Problem requirements:
Please return each of the entries exactly, minus their pictures.

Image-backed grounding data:
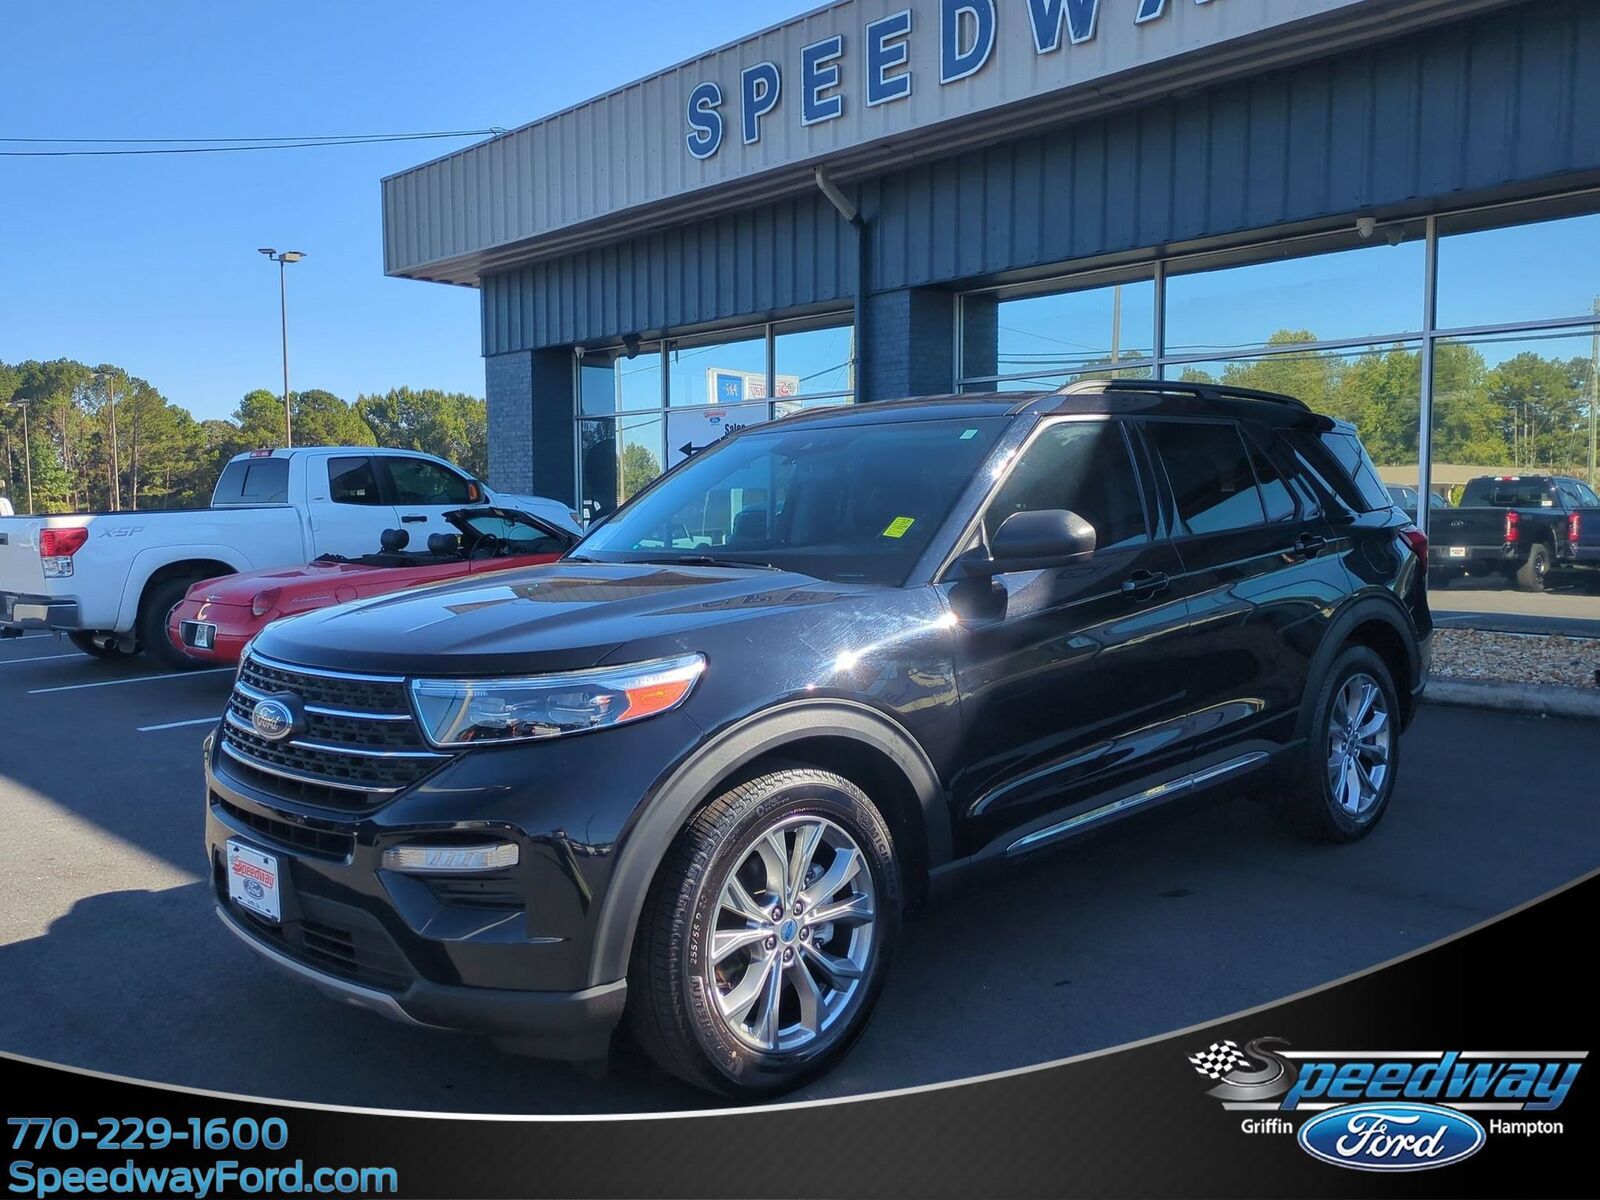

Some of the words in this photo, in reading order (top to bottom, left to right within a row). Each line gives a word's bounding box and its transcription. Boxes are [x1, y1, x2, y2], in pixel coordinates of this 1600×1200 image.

[685, 0, 1206, 160] SPEEDW
[256, 706, 282, 731] Ford
[231, 855, 275, 889] Speedway
[689, 924, 701, 964] 255/55
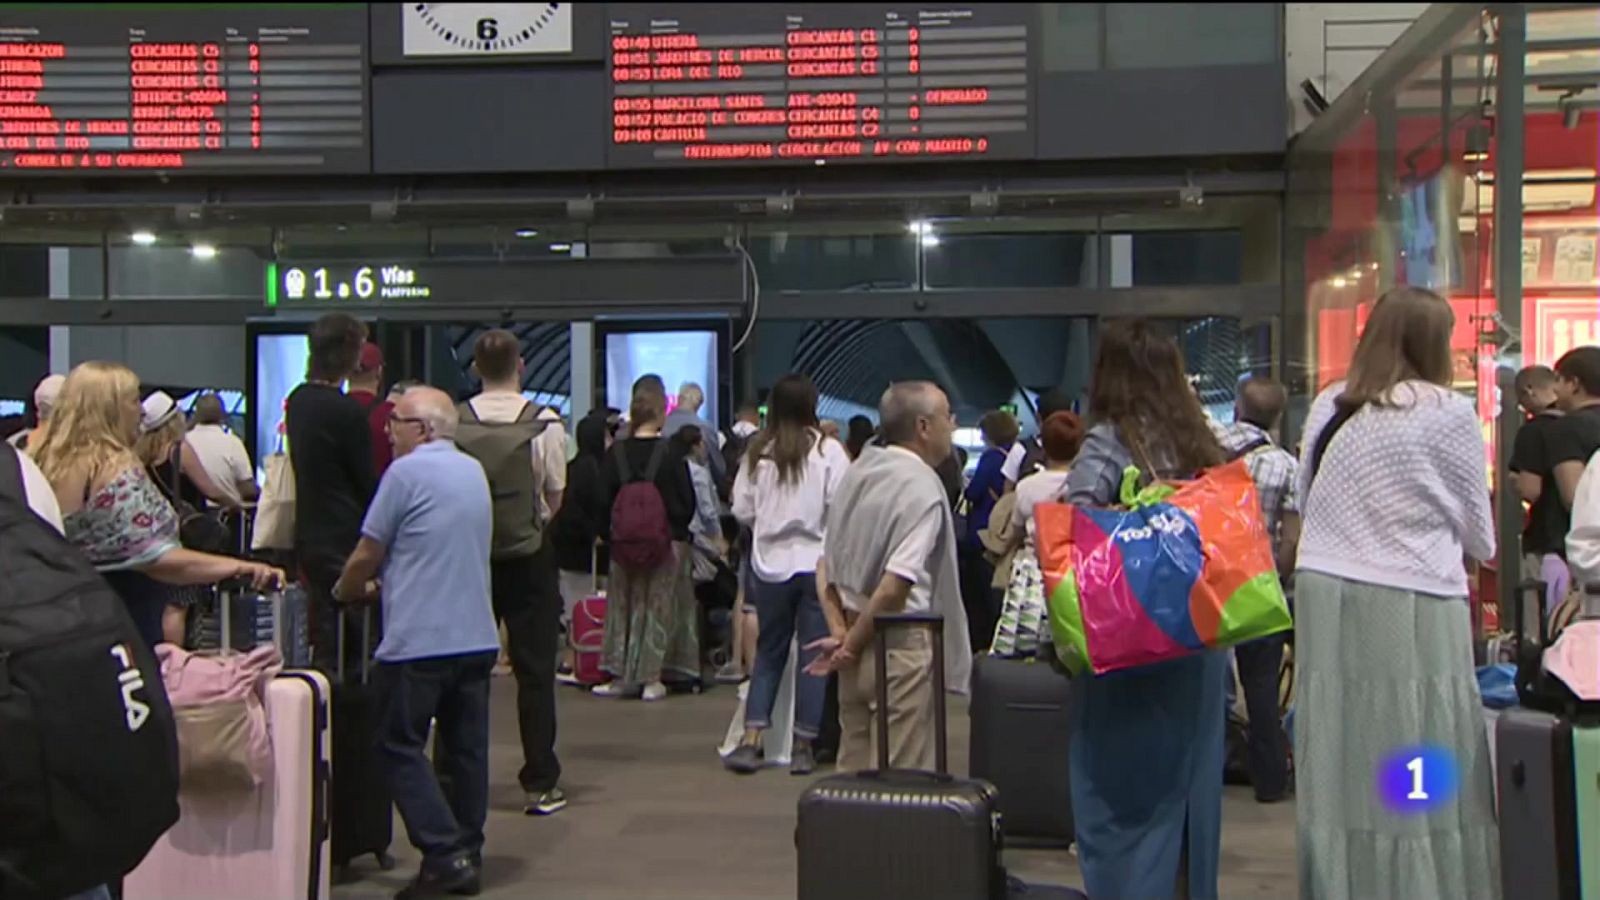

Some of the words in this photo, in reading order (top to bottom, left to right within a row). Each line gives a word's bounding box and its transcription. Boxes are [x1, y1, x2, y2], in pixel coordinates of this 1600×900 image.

[476, 18, 499, 40] 6
[651, 34, 698, 48] UTRERA
[787, 30, 855, 44] CERCANIAS
[860, 29, 877, 42] C1
[130, 43, 198, 57] CERCANIAS
[655, 50, 713, 64] JARDINES
[718, 49, 735, 62] DE
[787, 46, 856, 60] CERCANIAS
[861, 45, 879, 58] C5
[131, 59, 199, 73] CERCANIAS
[688, 65, 712, 79] DEL
[718, 64, 743, 79] RIO
[787, 62, 856, 76] CERCANIAS
[860, 61, 877, 75] C1
[131, 75, 199, 88] CERCANIAS
[653, 96, 721, 110] BARCELONA
[653, 112, 706, 126] PALACIO
[711, 111, 727, 124] DE
[788, 108, 856, 122] CERCANIAS
[132, 120, 200, 134] CERCANIAS
[653, 127, 706, 141] CARTUJA
[788, 123, 856, 138] CERCANIAS
[861, 123, 880, 137] C2
[64, 136, 90, 149] RIO
[132, 135, 201, 149] CERCANIAS
[778, 142, 863, 157] CIRCULACION
[873, 141, 890, 154] AV
[896, 140, 921, 153] CON
[925, 138, 972, 153] MADRID
[80, 152, 91, 167] A
[313, 267, 332, 298] 1
[354, 266, 375, 298] 6
[381, 265, 416, 284] Vías
[110, 643, 151, 732] FILA

Answer to this problem:
Some of the words in this photo, in reading order (top to bottom, left to right within a row). Each line gives a word's bounding box and its transcription. Boxes are [x1, y1, x2, y2], in pixel coordinates of this 1600×1200 image.

[685, 0, 1206, 160] SPEEDW
[256, 706, 282, 731] Ford
[231, 855, 275, 889] Speedway
[689, 924, 701, 964] 255/55

Some of the words in this photo, in reading order (top to bottom, left to right within a row). Each line gives a word's bounding box and its transcription. Boxes are [x1, y1, x2, y2], in pixel coordinates of this 1600×900 image.

[476, 18, 499, 40] 6
[651, 34, 698, 48] UTRERA
[787, 30, 855, 44] CERCANIAS
[860, 29, 877, 42] C1
[130, 43, 198, 57] CERCANIAS
[655, 50, 713, 64] JARDINES
[718, 49, 735, 62] DE
[787, 46, 856, 60] CERCANIAS
[861, 45, 879, 58] C5
[131, 59, 199, 73] CERCANIAS
[688, 65, 712, 79] DEL
[718, 64, 743, 79] RIO
[787, 62, 856, 76] CERCANIAS
[860, 61, 877, 75] C1
[131, 75, 199, 88] CERCANIAS
[653, 96, 721, 110] BARCELONA
[653, 112, 706, 126] PALACIO
[711, 111, 727, 124] DE
[788, 108, 856, 122] CERCANIAS
[132, 120, 200, 134] CERCANIAS
[653, 127, 706, 141] CARTUJA
[788, 123, 856, 138] CERCANIAS
[861, 123, 880, 137] C2
[64, 136, 90, 149] RIO
[132, 135, 201, 149] CERCANIAS
[778, 142, 863, 157] CIRCULACION
[873, 141, 890, 154] AV
[896, 140, 921, 153] CON
[925, 138, 972, 153] MADRID
[80, 152, 91, 167] A
[313, 267, 332, 298] 1
[354, 266, 375, 298] 6
[381, 265, 416, 284] Vías
[110, 643, 151, 732] FILA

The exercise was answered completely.